RECORDS SHOWN section start

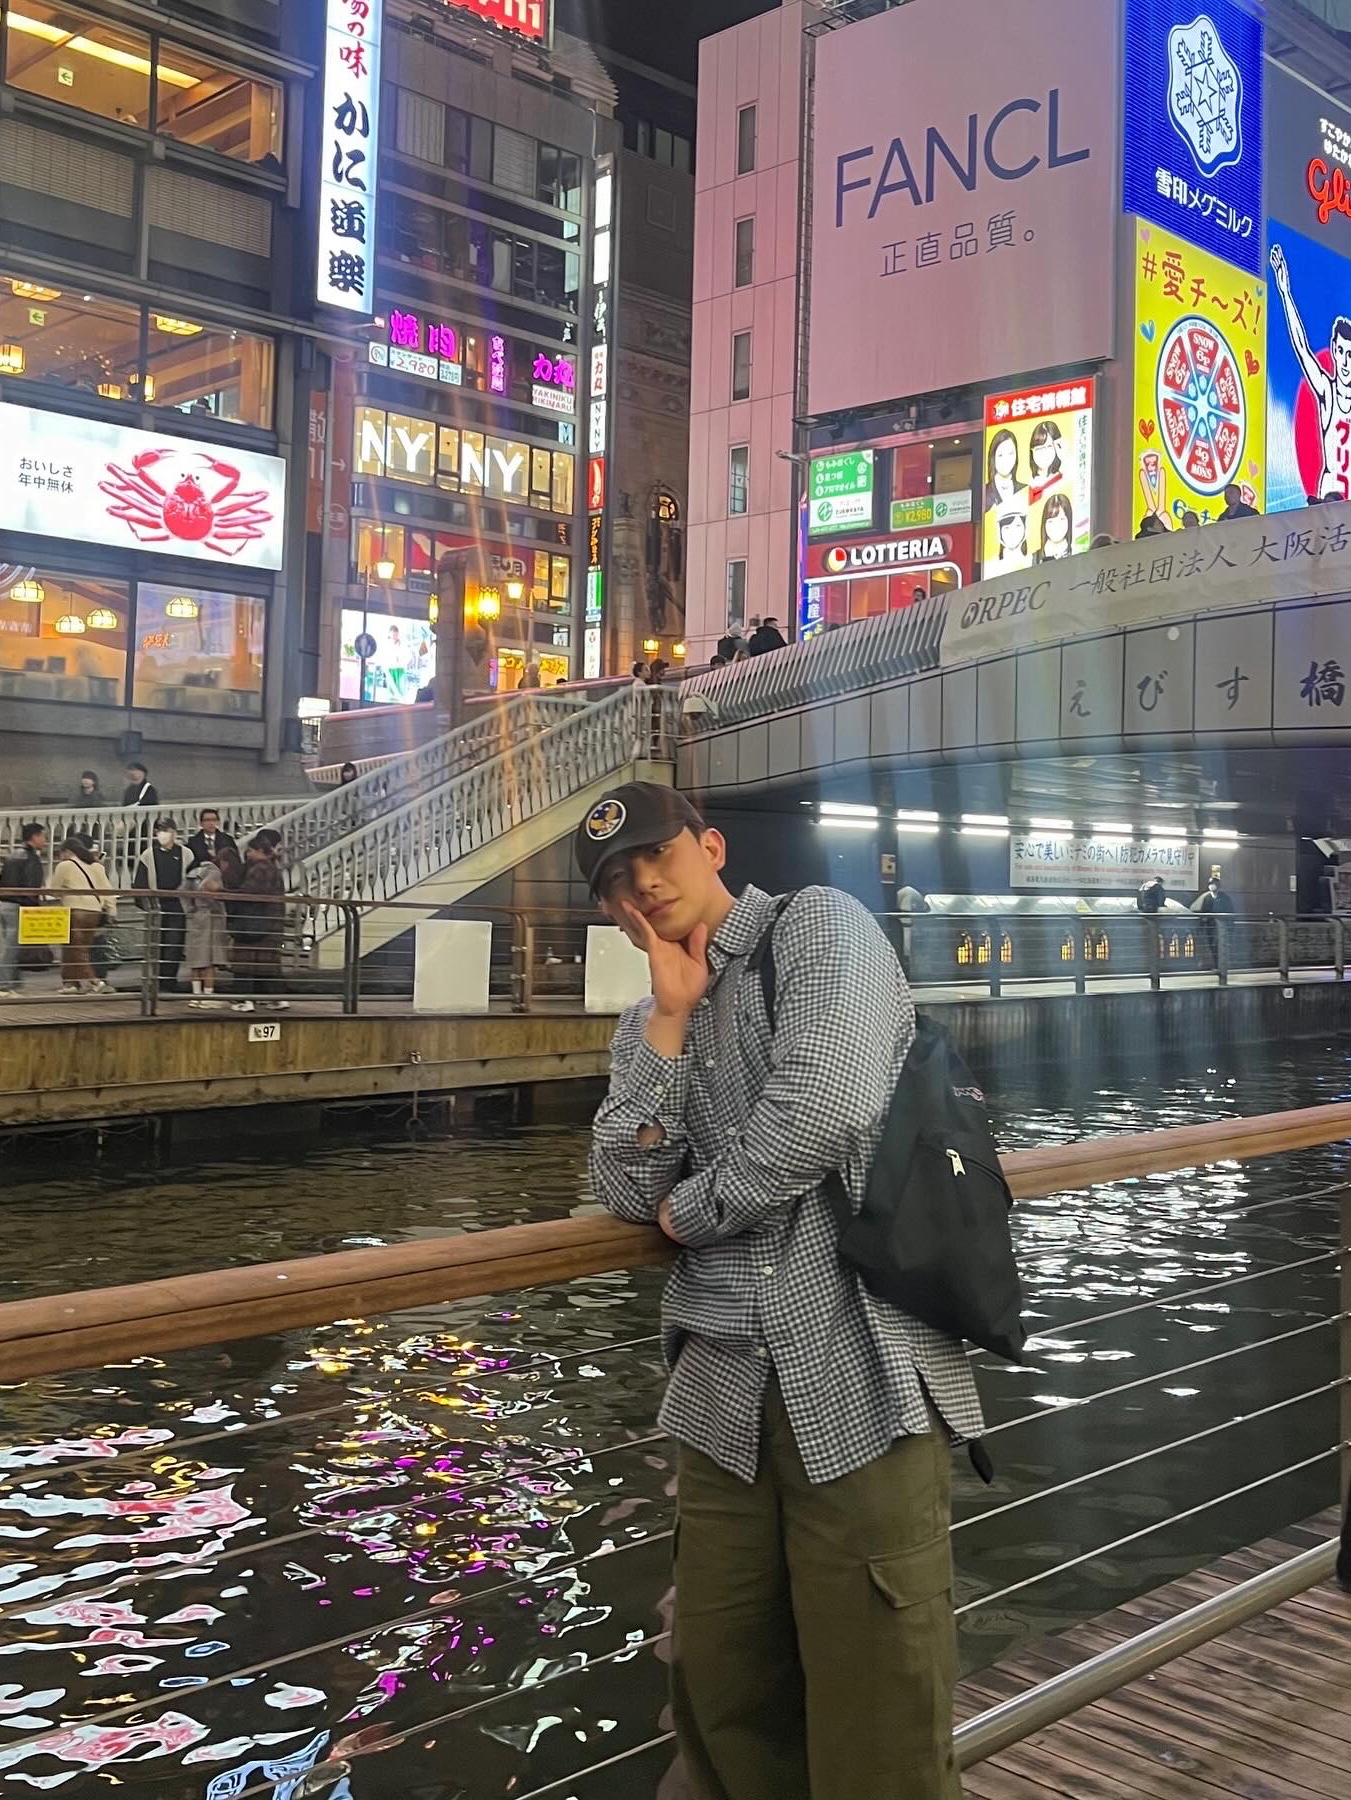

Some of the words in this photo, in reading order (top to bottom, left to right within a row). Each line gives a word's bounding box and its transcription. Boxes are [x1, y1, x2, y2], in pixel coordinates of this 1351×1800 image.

[836, 88, 1090, 228] FANCL
[1155, 166, 1252, 238] 雪印メグミルク
[880, 210, 1034, 277] 正直品質。
[390, 309, 455, 360] 焼肉
[533, 353, 574, 389] 力丸
[18, 472, 74, 494] 年中無休
[19, 456, 73, 479] おいしさ
[361, 419, 430, 473] NY
[461, 442, 524, 493] NY
[850, 536, 944, 566] LOTTERIA
[1068, 545, 1237, 595] 一般社団法人
[1248, 523, 1351, 567] 大阪活
[1069, 659, 1346, 718] えびす橋
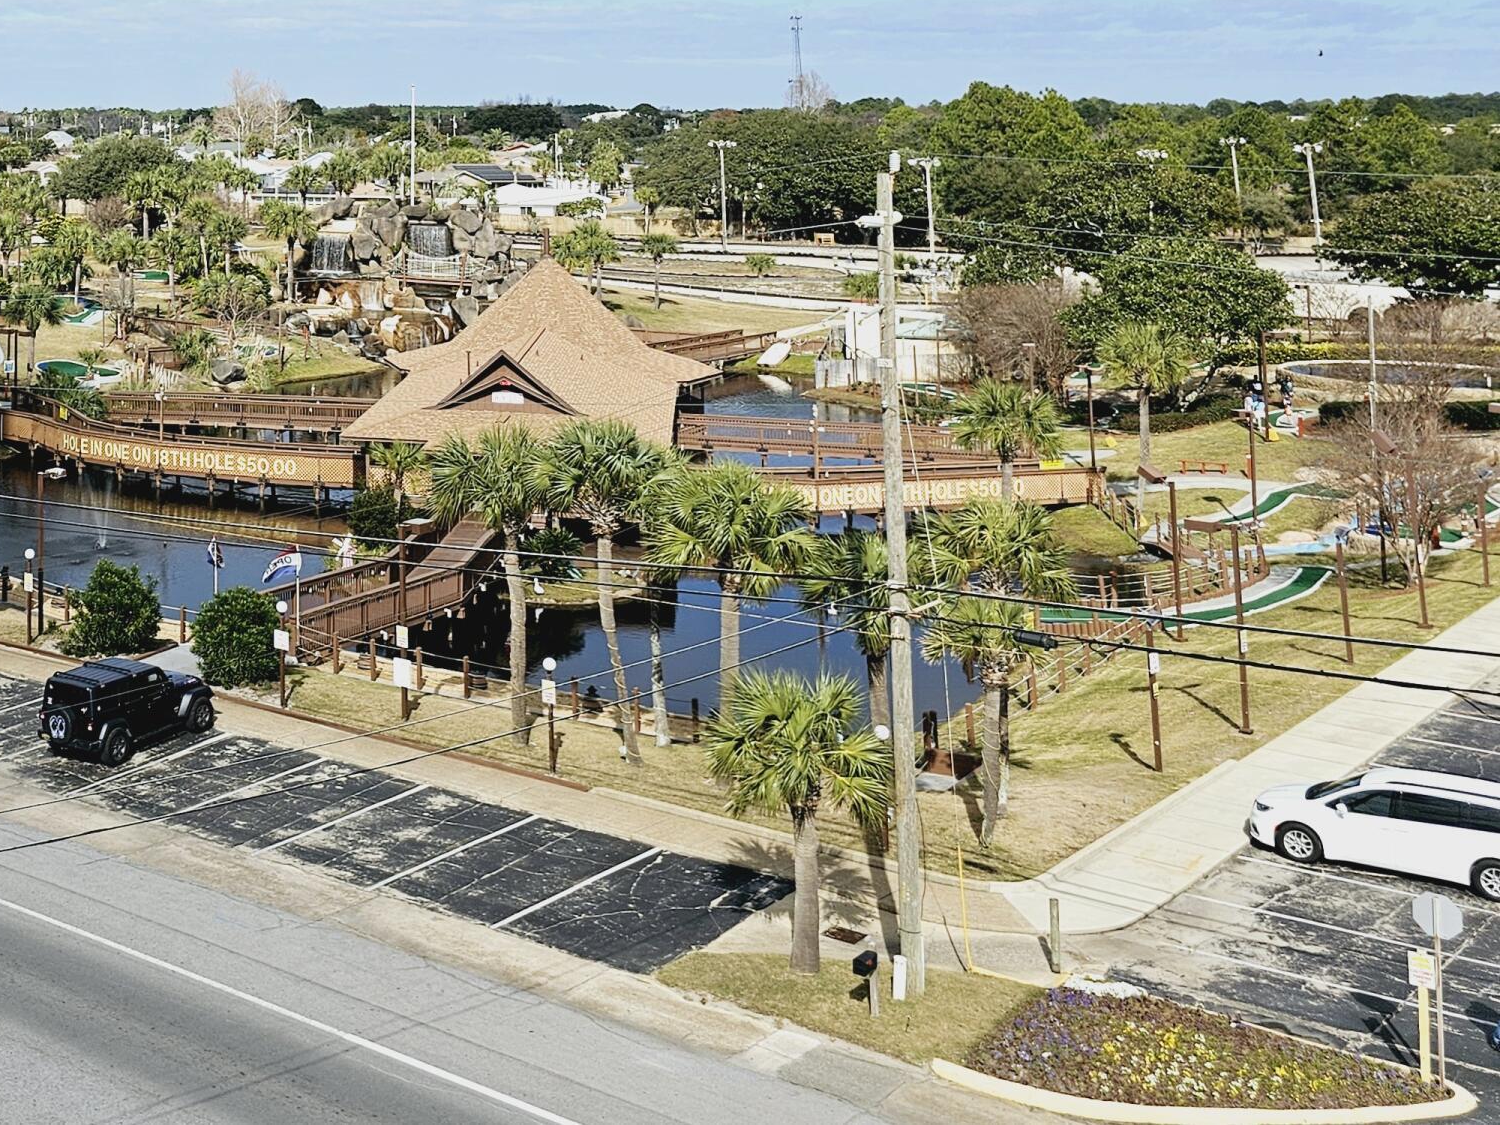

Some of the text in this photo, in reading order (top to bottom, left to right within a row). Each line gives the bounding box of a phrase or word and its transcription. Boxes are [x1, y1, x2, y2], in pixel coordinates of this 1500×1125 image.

[63, 434, 89, 454] HOLE
[90, 440, 102, 456] IN
[104, 442, 130, 460] ONE
[133, 446, 151, 463] ON
[154, 449, 192, 468] 18TH
[193, 452, 235, 471] HOLE
[819, 486, 855, 505] ONE
[856, 484, 882, 503] ON
[925, 480, 968, 500] HOLE
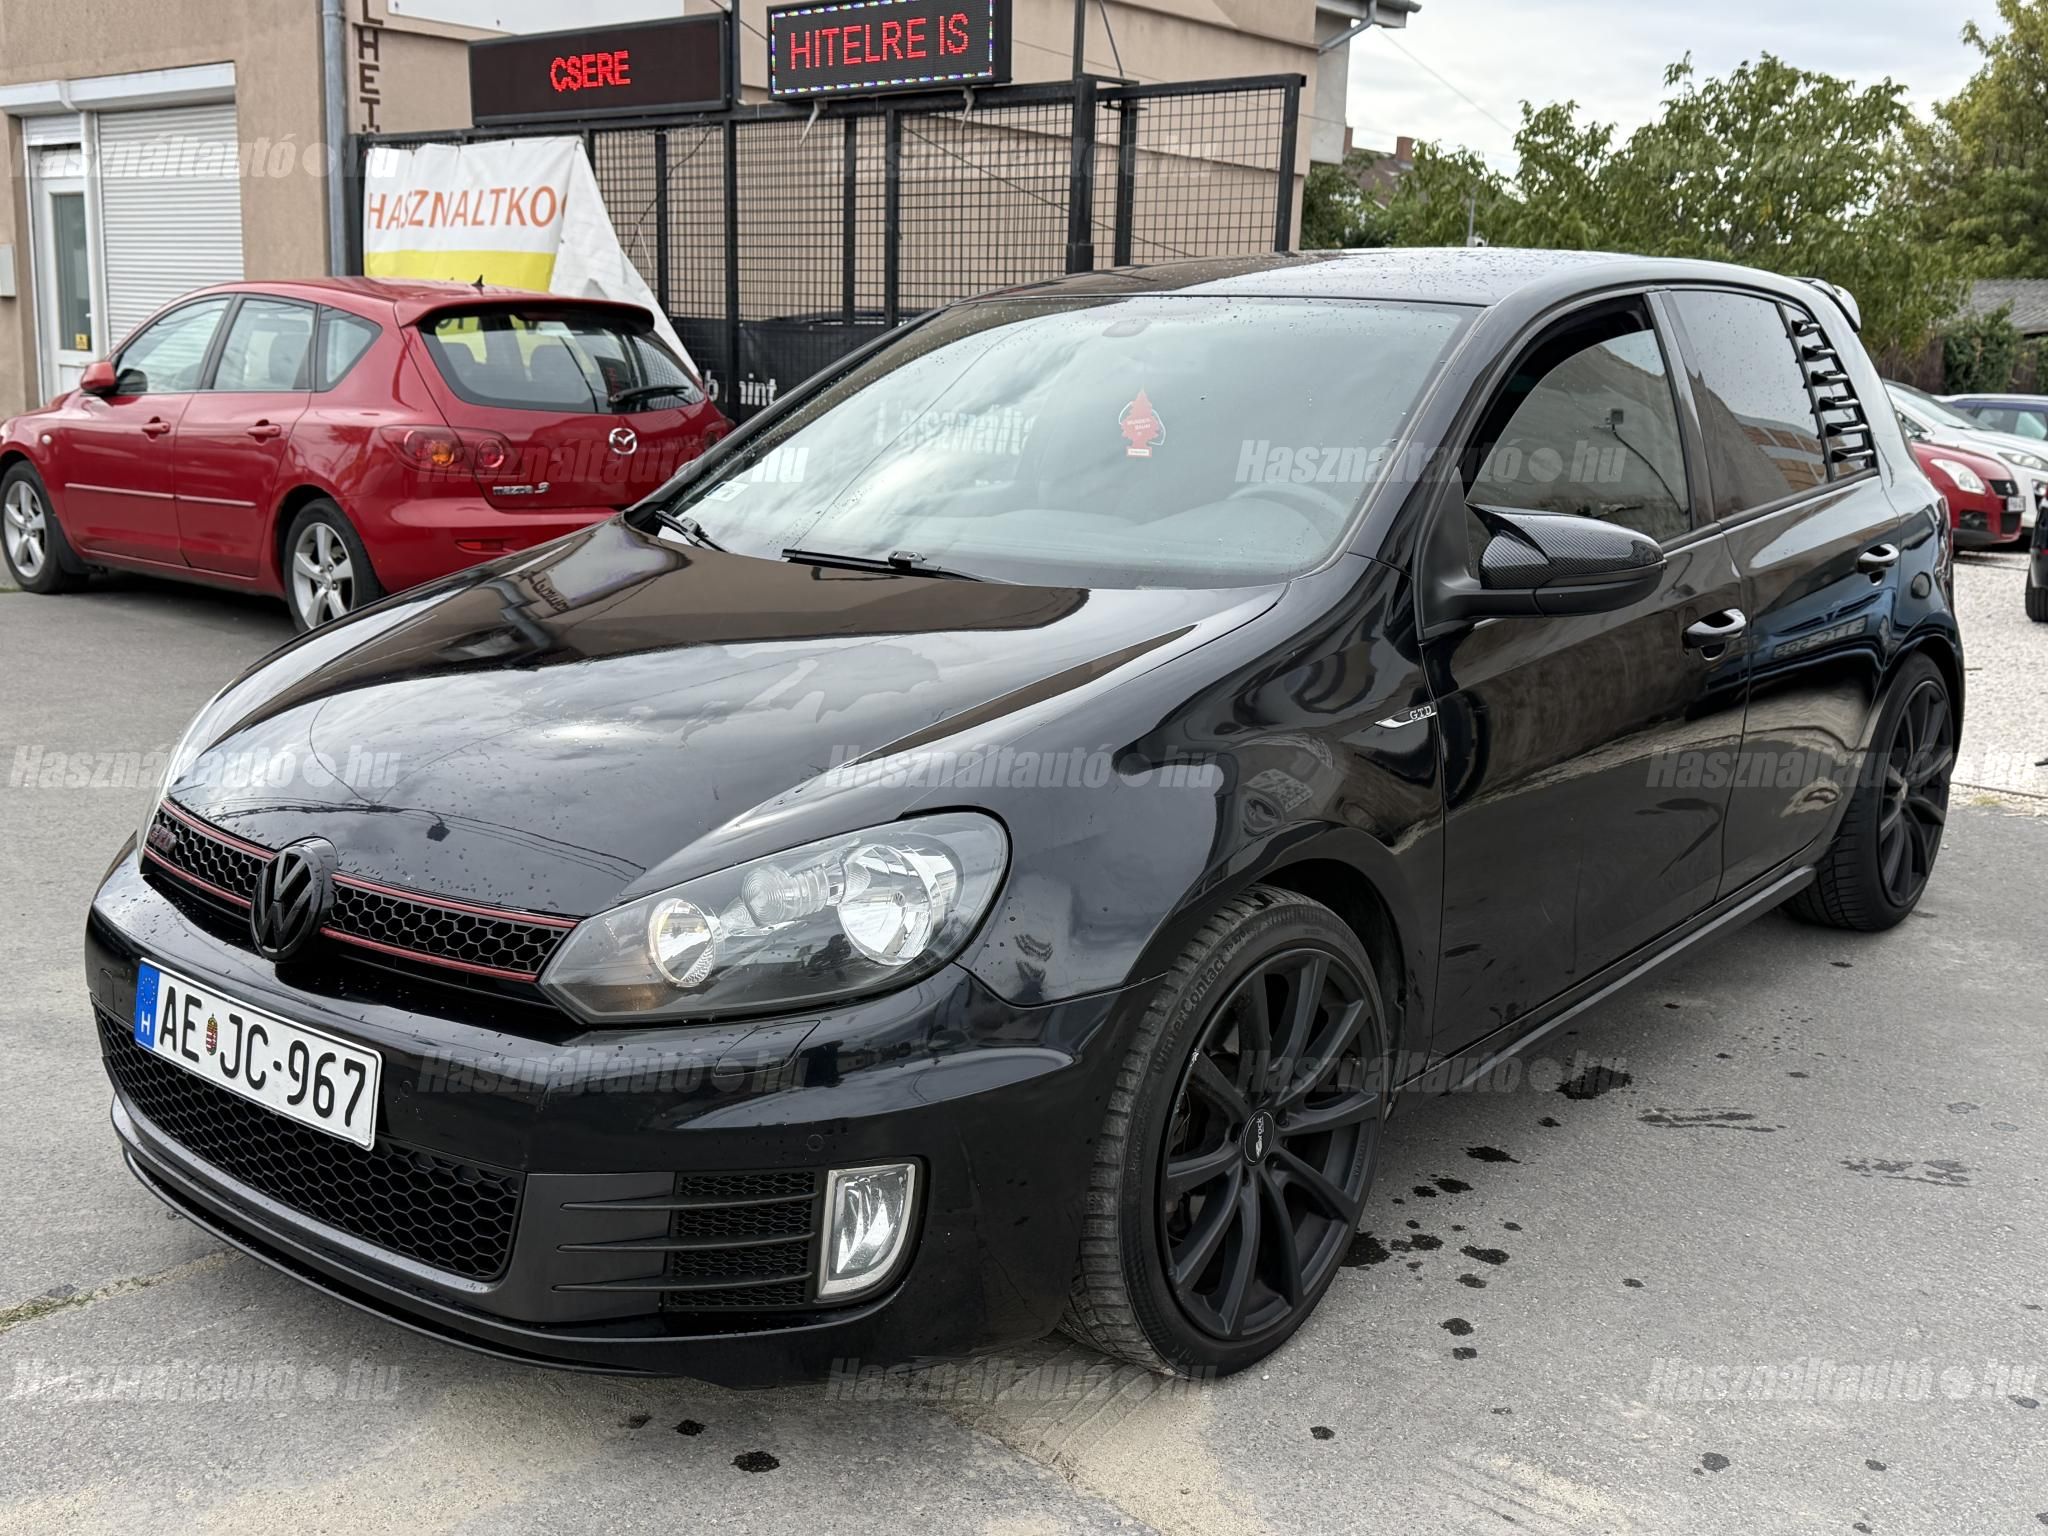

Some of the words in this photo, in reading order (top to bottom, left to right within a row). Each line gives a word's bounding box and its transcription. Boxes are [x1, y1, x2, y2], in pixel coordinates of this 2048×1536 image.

RECORDS SHOWN section end

EXERCISE DETAILS:
Reproduce the records, all of them, word for word; omit the pictures.

THE ANSWER:
Some of the words in this photo, in reading order (top to bottom, left to right within a row). Each line gives a word's bounding box and its transcription. Boxes are [x1, y1, x2, y2], in pixel coordinates of this 1351×1800 image.

[836, 88, 1090, 228] FANCL
[1155, 166, 1252, 238] 雪印メグミルク
[880, 210, 1034, 277] 正直品質。
[390, 309, 455, 360] 焼肉
[533, 353, 574, 389] 力丸
[18, 472, 74, 494] 年中無休
[19, 456, 73, 479] おいしさ
[361, 419, 430, 473] NY
[461, 442, 524, 493] NY
[850, 536, 944, 566] LOTTERIA
[1068, 545, 1237, 595] 一般社団法人
[1248, 523, 1351, 567] 大阪活
[1069, 659, 1346, 718] えびす橋

Some of the text in this photo, in reading order (top to bottom, left to right within a row). Each line gives the bounding box of a phrase or word and its transcription. Boxes are [x1, y1, x2, y2], in pixel coordinates of this 1500×1125 image.

[63, 434, 89, 454] HOLE
[90, 440, 102, 456] IN
[104, 442, 130, 460] ONE
[133, 446, 151, 463] ON
[154, 449, 192, 468] 18TH
[193, 452, 235, 471] HOLE
[819, 486, 855, 505] ONE
[856, 484, 882, 503] ON
[925, 480, 968, 500] HOLE

Some of the words in this photo, in reading order (top to bottom, left to right within a row). Each line gives a word's bounding box and its transcription. Boxes are [x1, y1, x2, y2], in pixel coordinates of this 2048×1536 image.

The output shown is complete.